Figure 1. Study Overview: (a) shows the device set up and (b) shows the overall process

For the pupil data, we will use changes in PD instead of its absolute value as a feature to eliminate the influence of individual differences on model training. In a preprocessing step, we will calculate PD values as proportion change, by dividing pupil size by the grand mean PD size during the baseline period averaged across all attempts.

How does learner affect and cognitive load change alongside their learning when interacting with educational systems?

We will investigate the dynamics of cognitive load and affect across learning activities with a focus on what contributes to changes in cognitive load and affect. We are especially interested in understanding how the learning activity sequence and user interface design contribute to these latent states.

We would like to compare the continuous reactions of cognitive load and affect with information from learner behaviors and performance with educational technologies. Learner's interaction and learning performance information (i.e., score, task completion) will be extracted from the learning systems. Learner behavior data will come from two sources: the learning system’s logs (i.e., keyboard input, buttons clicked, questions answered) and eye tracking (i.e., gaze point and trajectory).

We will investigate what kinds of information contributes to increasing cognitive load or changes in affect by comparing the eye information actions obtained by students at critical moments (the moment when cognitive load or affect change).

Ideally, we will compare the cognitive load and affect levels of students who had similar achievements. This analysis will be done across their learning session(s) to explore whether there is a specific pattern among them.

Can affect and cognitive load help in identifying a learner's knowledge state and trajectories?

We will use the models developed under section 3.1 and 3.2 to help predict a learner’s knowledge and how it changes during learning. To answer this question, initial experiments will be conducted to predict a learner’s knowledge level. The prediction of this information can be important for providing suitable learning materials and learning sequences. As an initial step, we will evaluate two approaches: one heuristic with collaborative filtering (CF) and the other machine learning (ML) using engineered features. Based on the initial results, further experiments will be performed to identify changes in learner knowledge or mastery.


So far, we have implemented our sensing platform and designed two case studies. The proposed case studies have been approved by our institutional Research Ethics Board (REB), and we have begun piloting the first.

Sensing System

In our literature search, we noticed there is no integrated sensing system to allow us to easily collect multiple types of learner physiological data. In this project, we choose multimodal analysis to support the recognition of cognitive load and affect. Thus, we need a sensing platform that enables us to collect and synchronize a learner’s physiological features automatically. This generates databases of learners’ physiological reactions that can be used to extract their cognitive load and affect characteristics. Our approach focuses on modeling with two dimensions of real-time physiological information: pupil dynamics collected by an eye tracker and cardiovascular and EDA data from non-invasive wearable sensors. As mentioned in Section 2, previous studies have shown the possibility of using pupil dynamics and electrodermal activity to investigate the continuous monitoring of cognitive load. These types of data have also been used to recognize state-based affect.
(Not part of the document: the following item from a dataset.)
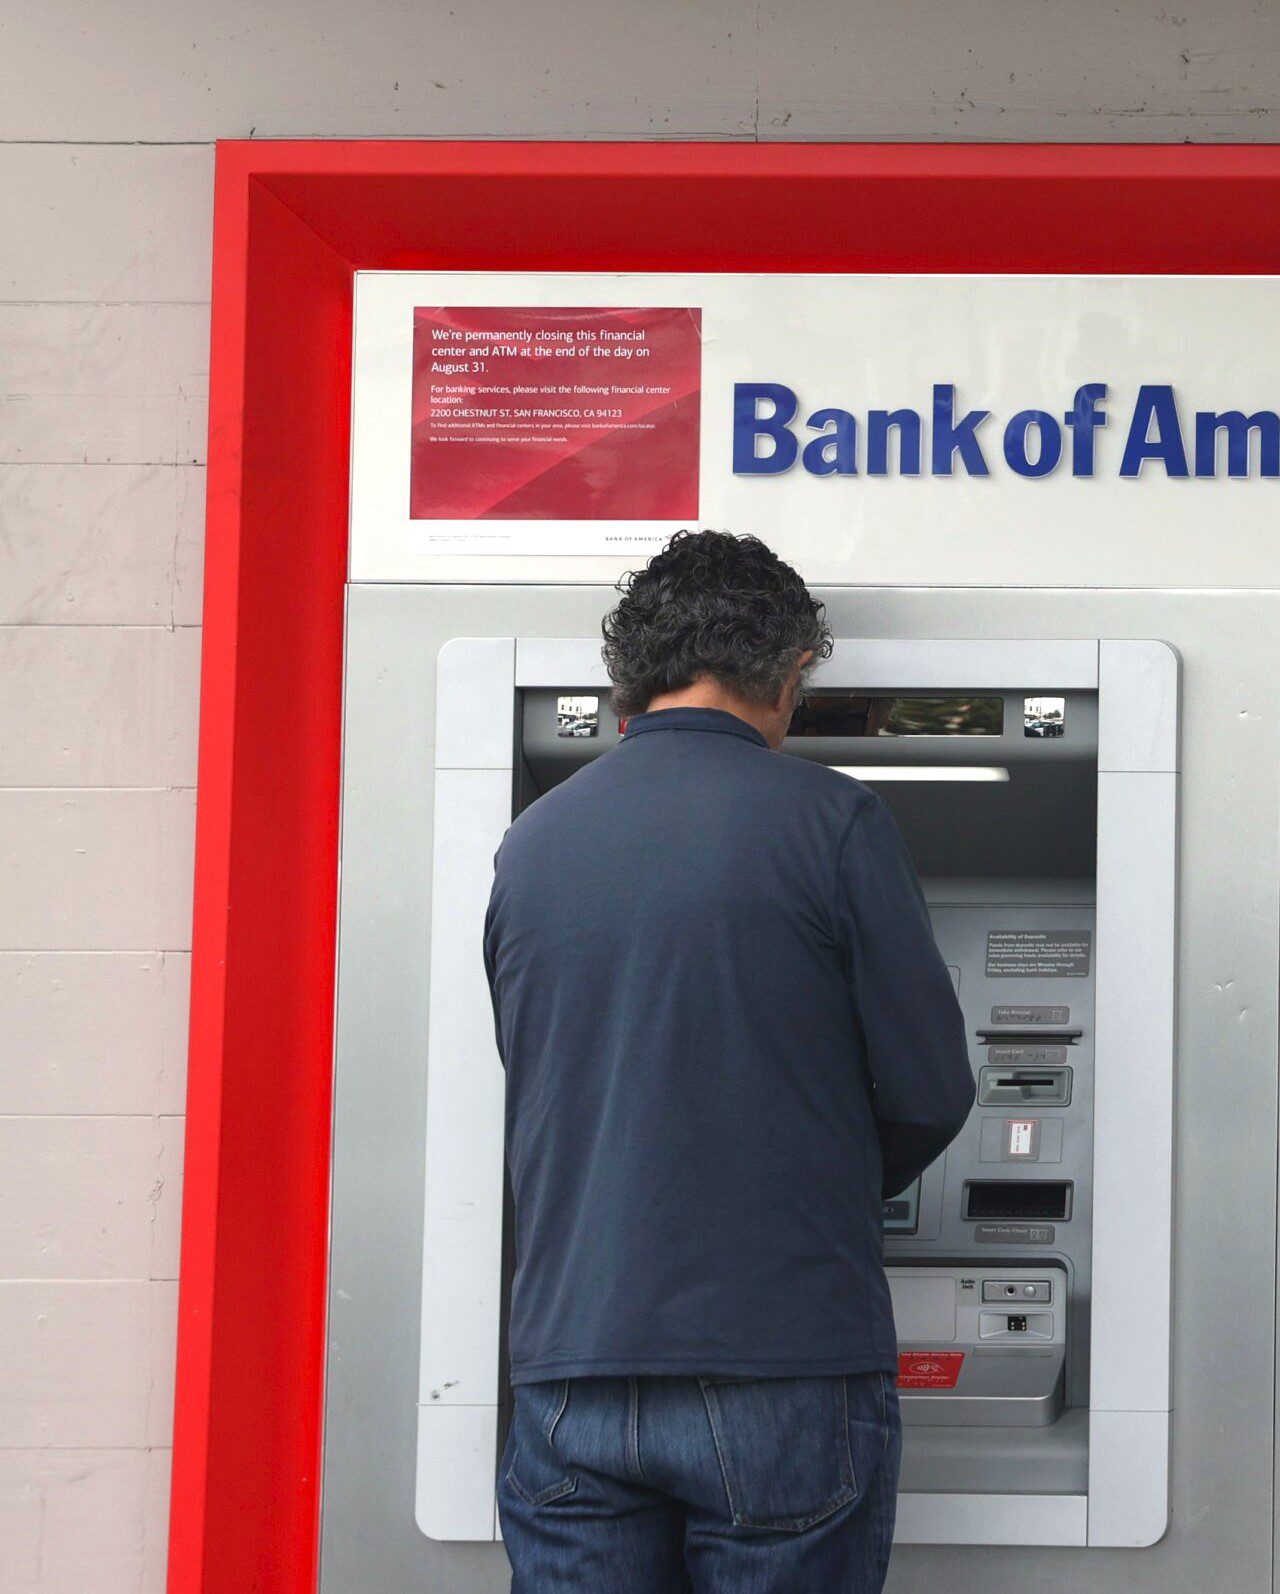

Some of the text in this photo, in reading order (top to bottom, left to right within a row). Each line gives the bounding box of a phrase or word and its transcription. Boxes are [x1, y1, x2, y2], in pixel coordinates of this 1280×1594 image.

We developed our sensing platform that allows subjects to remain relatively comfortable (Figure 1-a). The platform consists of two non-invasive sensors and a software system that facilitates the synchronization of data from different channels. The first sensor is an open-source eye tracker (Pupil Core, Pupil Labs), which records dual eye movements at 200 Hz and includes gaze tracking and pupillometry. It is worn like normal glasses and consists of a scene camera that records what the user sees. The second sensor is a wireless wristband (E4, Empatica Inc.), which is worn as a wristwatch and connected via Bluetooth. The wristband includes photoplethysmography (PPG), electrodermal activity (EDA), skin temperature, and accelerometer sensors. The PPG sensor is used to measure blood volume pulse (BVP) which can then be used to calculate heart rate.

As these time series data come from different sources, they need to be synchronized to enable analysis. For this purpose, we have developed a system based on an open multi-model recording framework – Lab Streaming Layer (LSL). This system will be used to support real-time data streaming, synchronization, and recording with a laptop.

Case Studies

According to what we discussed in Section 3, our case studies will collect three types of learner data (Figure 1-b): (a) physiological data from the sensing system, (b) self-report measures, and demographic information from questionnaires, and (c) learner interaction and performance from the learning system.

Experiment procedure

The experiment will take approximately 90 minutes. Sensor calibration will follow consent. Participants will interact with a specific e-learning system for approximately 60 minutes. Sensors will be used to collect learner data as they perform learning tasks in the system. Self-report instruments for measuring affect and cognitive load will be administered every 5-10 minutes. Demographics will be collected at the end.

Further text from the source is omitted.